Corporate Health & Wellness

Heat Stress at the Workplace: Causes, Symptoms, Treatment & Prevention Guide

Updated: Apr 23, 2026 Published: Apr 23, 2026 Medical Team 11 min read

    ⚠ Did You Know?

    India recorded its hottest March in 122 years in 2024, with temperatures crossing 44°C across large parts of the country. For the millions of workers in construction sites, factories, warehouses, and agricultural fields — this is not a weather update. It is a health emergency waiting to happen.

    Every summer, thousands of Indian workers are hospitalised — and some die — from heat-related illnesses that are entirely preventable. Yet heat stress remains one of the most under-reported and under-managed occupational health risks in the country. HR managers, safety officers, and occupational health physicians often confuse it with simple fatigue, missing the warning signs until it is too late.

    This guide covers everything you need to know — the science of how heat breaks down the human body, the five types of heat disorders, India-specific risk factors, your legal obligations as an employer, and a practical prevention checklist you can implement from tomorrow.

    1. What Is Heat Stress? The Physiology Explained Simply

    The human body is a precision machine — it works best at a core temperature of 36.5°C to 37.5°C. When the surrounding environment gets hot, the body deploys two primary cooling mechanisms: sweating and redirecting blood flow to the skin surface to radiate heat away.
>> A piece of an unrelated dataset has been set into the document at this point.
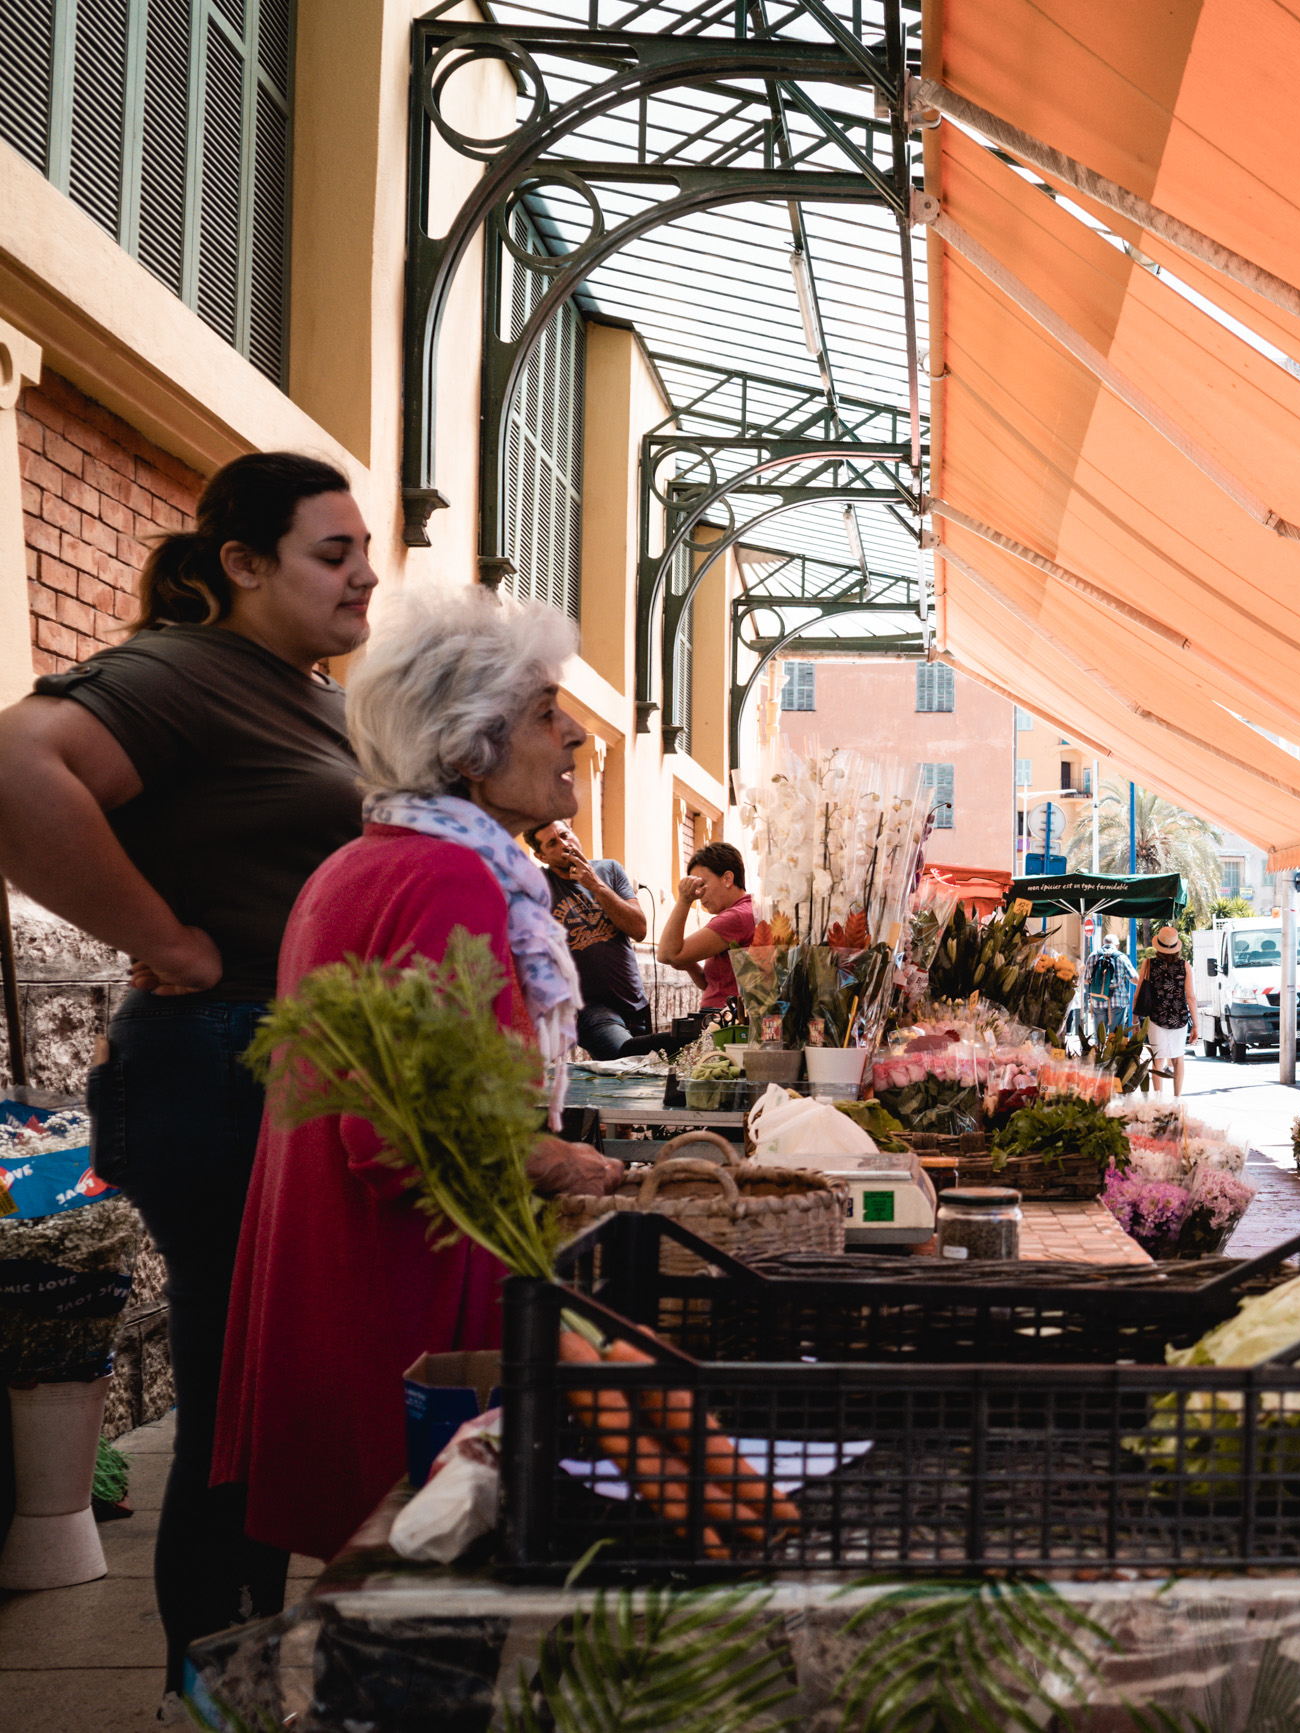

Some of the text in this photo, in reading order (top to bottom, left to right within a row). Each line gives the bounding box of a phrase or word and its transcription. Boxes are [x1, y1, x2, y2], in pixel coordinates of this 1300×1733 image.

[1081, 882, 1096, 891] type
[1096, 882, 1129, 892] formidable
[38, 1275, 77, 1292] LOVE
    This works well — until it does not.

    During heavy physical work, the body can lose 1 to 2 litres of sweat per hour. As fluid loss mounts, two things go wrong simultaneously:

    • Blood volume drops — less blood is available to carry heat to the skin and oxygen to the muscles.
    • The cardiovascular system is overloaded — the heart must pump harder to keep both cooling and muscular activity going.
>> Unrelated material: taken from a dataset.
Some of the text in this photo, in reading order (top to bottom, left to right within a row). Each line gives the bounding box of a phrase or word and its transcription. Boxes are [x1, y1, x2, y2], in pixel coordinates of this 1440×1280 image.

    The result is a cascade of deteriorating symptoms, starting with mild discomfort and ending — if ignored — in organ failure and death.

    Dehydration Timeline for a Worker in a Hot Environment

    • After 2–3 hours: Endurance drops, thirst increases, discomfort sets in, feeling of heat.
    • After 3+ hours: Headaches, muscle fatigue, loss of strength and accuracy, heat cramps, nausea, reduced alertness.
    • If untreated: Heat exhaustion → Heat stroke → Organ failure → Death.

    2. Who Is Most at Risk in India?

    Heat stress is not just a summer inconvenience — it is a serious occupational hazard for workers across several Indian industries:

    Industry / Sector Why They Are at High Risk
    Construction Workers Direct sun exposure, physical labour, often no shade or hydration breaks
    Factory & Manufacturing Workers Furnaces, boilers, heavy machinery radiate extreme heat indoors
    Agricultural Workers Prolonged outdoor exposure, peak hours in afternoon sun
    Delivery & Logistics Personnel Continuous movement, inadequate rest, heat from vehicles
    Mining Workers Underground heat, poor ventilation, high humidity
    Kitchen & Hospitality Staff Continuous heat from cooking equipment in enclosed spaces

    3. Causal Factors: Why Some Workers Are More Vulnerable

    Two workers doing the same job in the same heat can respond very differently. Individual susceptibility depends on:

    • Age & Physical Fitness: Older workers and those with low fitness levels have less efficient thermoregulation.
    • Degree of Acclimatization: New workers joining during peak summer are the highest risk group. The body needs 7–14 days to adapt to heat.
    • Clothing & PPE: Heavy protective gear traps heat and prevents sweat evaporation, sharply increasing core temperature.
    • Prior Heat Injury: A worker who has experienced heat stroke before is significantly more vulnerable to repeat episodes.
    • Medical Conditions: Hypertension, diabetes, and kidney disease all impair the body's ability to manage heat.
    • Medications: Certain drugs — antihistamines, diuretics, beta-blockers — reduce the body's ability to sweat or adjust heart rate.
    • Alcohol & Substance Use: Alcohol causes dehydration and impairs judgement; recreational drugs can raise body temperature unpredictably.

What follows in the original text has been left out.